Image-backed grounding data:
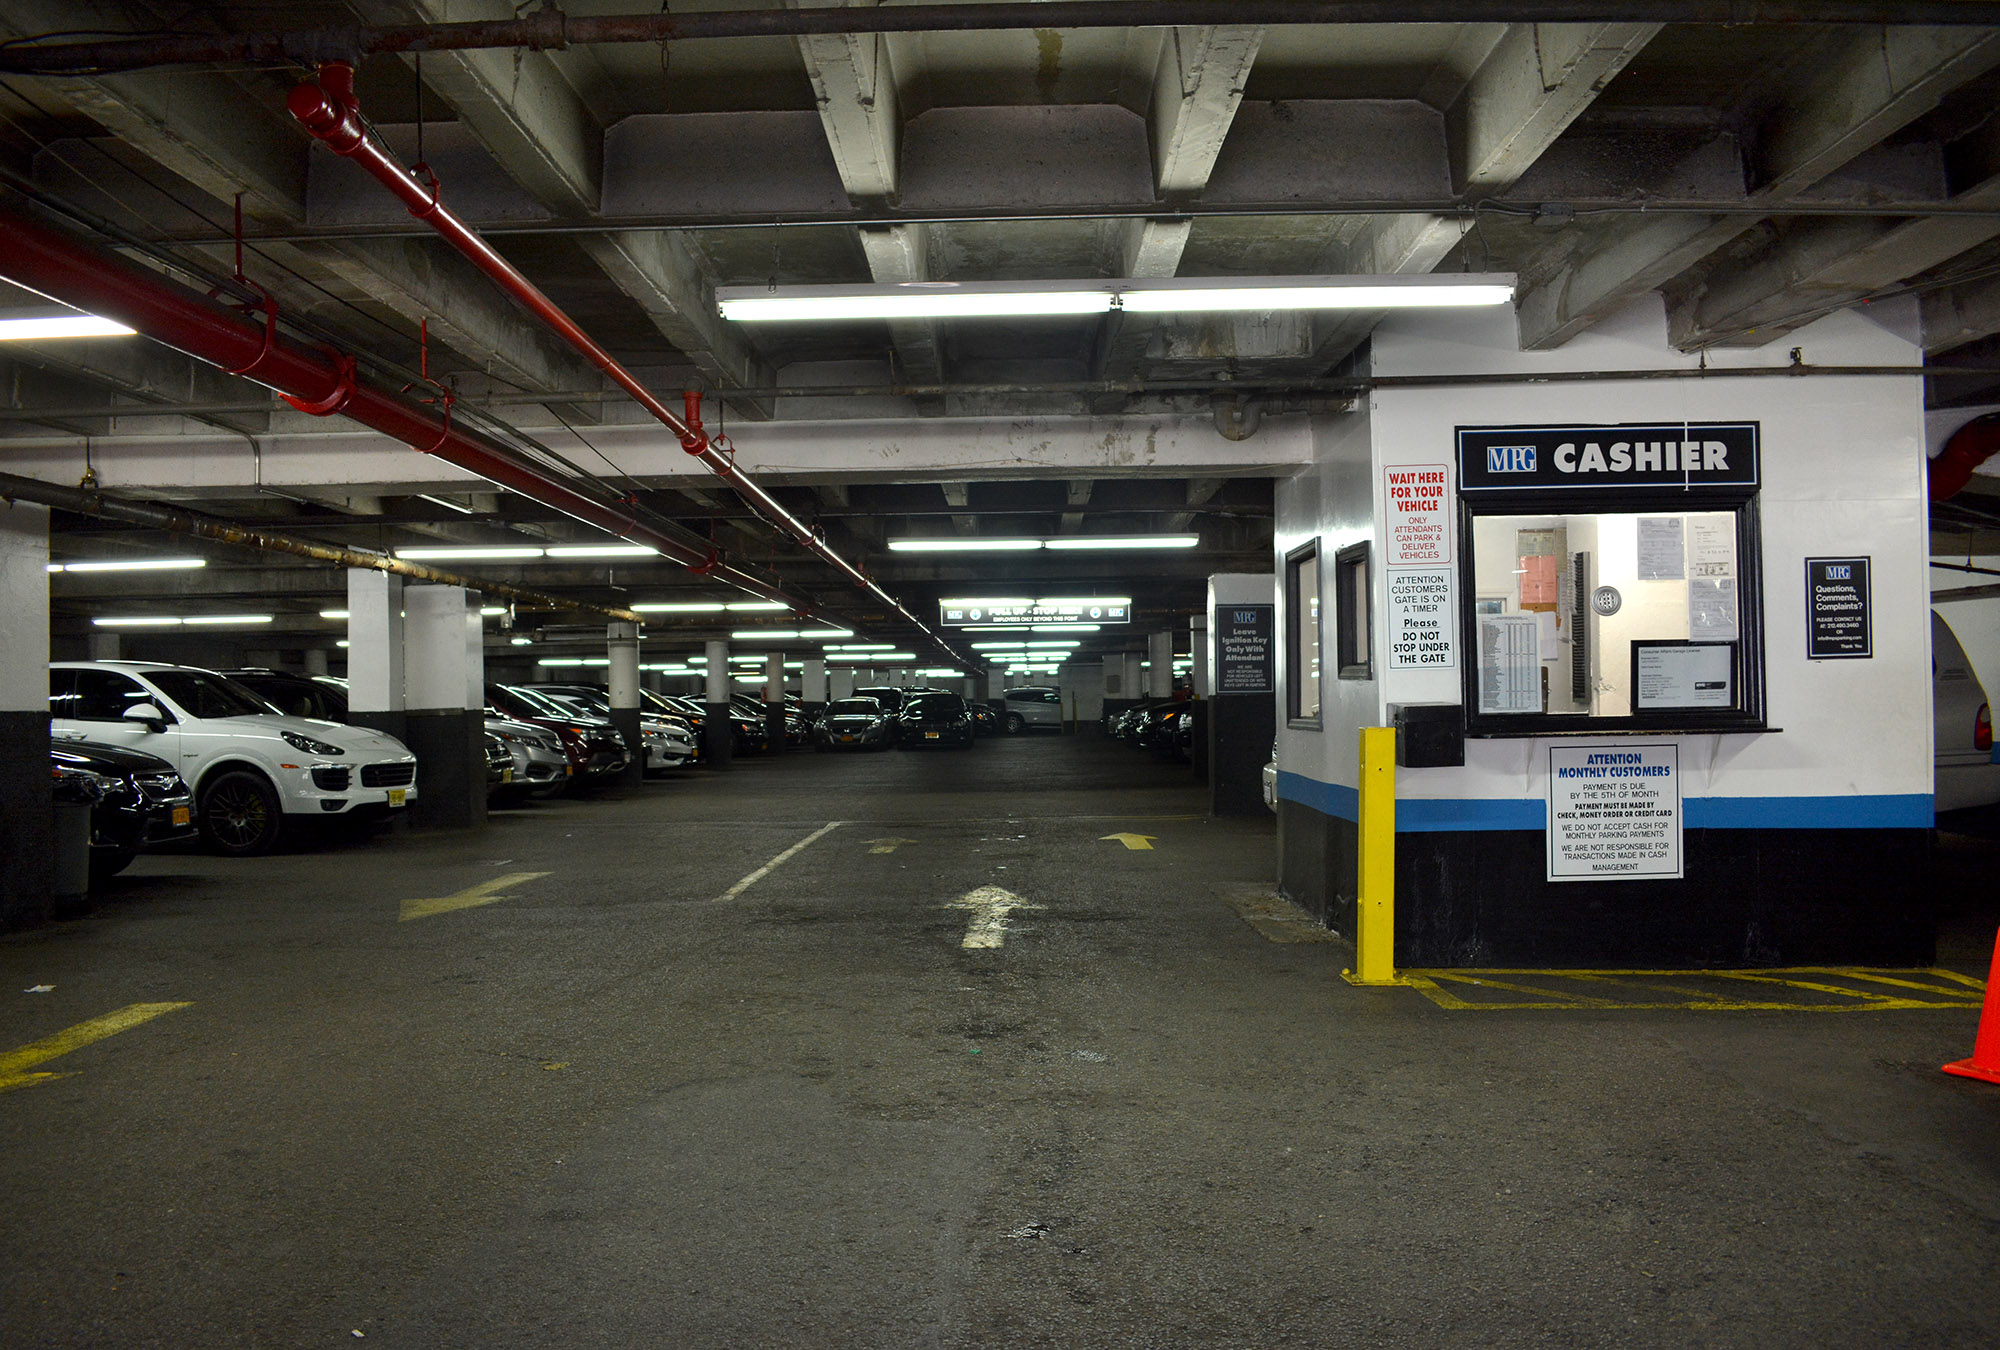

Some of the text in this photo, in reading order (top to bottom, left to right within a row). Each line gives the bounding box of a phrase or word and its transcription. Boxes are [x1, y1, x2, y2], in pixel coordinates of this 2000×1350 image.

[1488, 440, 1730, 473] MPG CASHIER
[1389, 472, 1444, 484] WAIT HERE
[1391, 486, 1443, 498] FOR YOUR
[1397, 500, 1438, 512] VEHICLE
[1394, 525, 1442, 533] ATTENDANTS
[1396, 534, 1412, 542] CAN
[1399, 551, 1439, 559] VEHICLES
[1827, 567, 1850, 579] MPG
[1396, 576, 1443, 584] ATTENTION
[1392, 585, 1448, 594] CUSTOMERS
[1816, 585, 1856, 593] Questions,
[1395, 596, 1417, 604] GATE
[1421, 595, 1429, 603] IS
[1816, 594, 1859, 602] Comments,
[1013, 607, 1026, 615] UP
[1033, 606, 1057, 615] STOP
[1403, 605, 1409, 613] A
[1816, 602, 1863, 611] Complaints?
[1404, 619, 1437, 627] Please
[1222, 637, 1252, 645] Ignition
[1403, 632, 1440, 641] DO NOT
[1394, 643, 1449, 652] STOP UNDER
[1399, 654, 1445, 663] THE GATE
[1587, 753, 1642, 765] ATTENTION
[1559, 766, 1670, 778] MONTHLY CUSTOMERS
[1557, 812, 1578, 820] CHECK,
[1580, 811, 1601, 819] MONEY
[1630, 830, 1664, 838] PAYMENTS
[1564, 852, 1615, 860] TRANSACTIONS

§ **EXERCISE**: Exclude the pictures, then write out every record exactly as it stands.

§ **TASK OUTPUT**:
Some of the text in this photo, in reading order (top to bottom, left to right within a row). Each line gives the bounding box of a phrase or word and its transcription. Boxes are [x1, y1, x2, y2], in pixel coordinates of this 2000×1350 image.

[1488, 440, 1730, 473] MPG CASHIER
[1389, 472, 1444, 484] WAIT HERE
[1391, 486, 1443, 498] FOR YOUR
[1397, 500, 1438, 512] VEHICLE
[1394, 525, 1442, 533] ATTENDANTS
[1396, 534, 1412, 542] CAN
[1399, 551, 1439, 559] VEHICLES
[1827, 567, 1850, 579] MPG
[1396, 576, 1443, 584] ATTENTION
[1392, 585, 1448, 594] CUSTOMERS
[1816, 585, 1856, 593] Questions,
[1395, 596, 1417, 604] GATE
[1421, 595, 1429, 603] IS
[1816, 594, 1859, 602] Comments,
[1013, 607, 1026, 615] UP
[1033, 606, 1057, 615] STOP
[1403, 605, 1409, 613] A
[1816, 602, 1863, 611] Complaints?
[1404, 619, 1437, 627] Please
[1222, 637, 1252, 645] Ignition
[1403, 632, 1440, 641] DO NOT
[1394, 643, 1449, 652] STOP UNDER
[1399, 654, 1445, 663] THE GATE
[1587, 753, 1642, 765] ATTENTION
[1559, 766, 1670, 778] MONTHLY CUSTOMERS
[1557, 812, 1578, 820] CHECK,
[1580, 811, 1601, 819] MONEY
[1630, 830, 1664, 838] PAYMENTS
[1564, 852, 1615, 860] TRANSACTIONS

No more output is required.